_DIRECTIONS_:
An exact copy of the listing is what the response must contain.

_GIVEN ENTRIES_:

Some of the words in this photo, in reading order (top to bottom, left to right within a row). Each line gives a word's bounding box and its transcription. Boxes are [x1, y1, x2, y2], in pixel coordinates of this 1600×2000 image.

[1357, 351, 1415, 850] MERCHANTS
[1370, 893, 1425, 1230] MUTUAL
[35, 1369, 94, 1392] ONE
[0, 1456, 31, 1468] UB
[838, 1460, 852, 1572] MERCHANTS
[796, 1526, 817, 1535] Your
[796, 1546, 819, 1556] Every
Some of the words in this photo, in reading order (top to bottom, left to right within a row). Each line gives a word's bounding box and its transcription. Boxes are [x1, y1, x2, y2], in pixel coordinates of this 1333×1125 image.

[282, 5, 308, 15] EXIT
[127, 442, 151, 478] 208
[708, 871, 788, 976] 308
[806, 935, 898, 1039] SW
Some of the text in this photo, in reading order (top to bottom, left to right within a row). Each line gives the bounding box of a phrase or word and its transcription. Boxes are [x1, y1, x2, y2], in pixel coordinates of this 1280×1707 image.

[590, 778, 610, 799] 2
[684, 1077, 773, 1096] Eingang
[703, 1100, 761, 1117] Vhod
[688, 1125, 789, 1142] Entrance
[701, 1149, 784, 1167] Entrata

_WORKED SOLUTION_:
Some of the words in this photo, in reading order (top to bottom, left to right within a row). Each line gives a word's bounding box and its transcription. Boxes are [x1, y1, x2, y2], in pixel coordinates of this 1600×2000 image.

[1357, 351, 1415, 850] MERCHANTS
[1370, 893, 1425, 1230] MUTUAL
[35, 1369, 94, 1392] ONE
[0, 1456, 31, 1468] UB
[838, 1460, 852, 1572] MERCHANTS
[796, 1526, 817, 1535] Your
[796, 1546, 819, 1556] Every
Some of the words in this photo, in reading order (top to bottom, left to right within a row). Each line gives a word's bounding box and its transcription. Boxes are [x1, y1, x2, y2], in pixel coordinates of this 1333×1125 image.

[282, 5, 308, 15] EXIT
[127, 442, 151, 478] 208
[708, 871, 788, 976] 308
[806, 935, 898, 1039] SW
Some of the text in this photo, in reading order (top to bottom, left to right within a row). Each line gives the bounding box of a phrase or word and its transcription. Boxes are [x1, y1, x2, y2], in pixel coordinates of this 1280×1707 image.

[590, 778, 610, 799] 2
[684, 1077, 773, 1096] Eingang
[703, 1100, 761, 1117] Vhod
[688, 1125, 789, 1142] Entrance
[701, 1149, 784, 1167] Entrata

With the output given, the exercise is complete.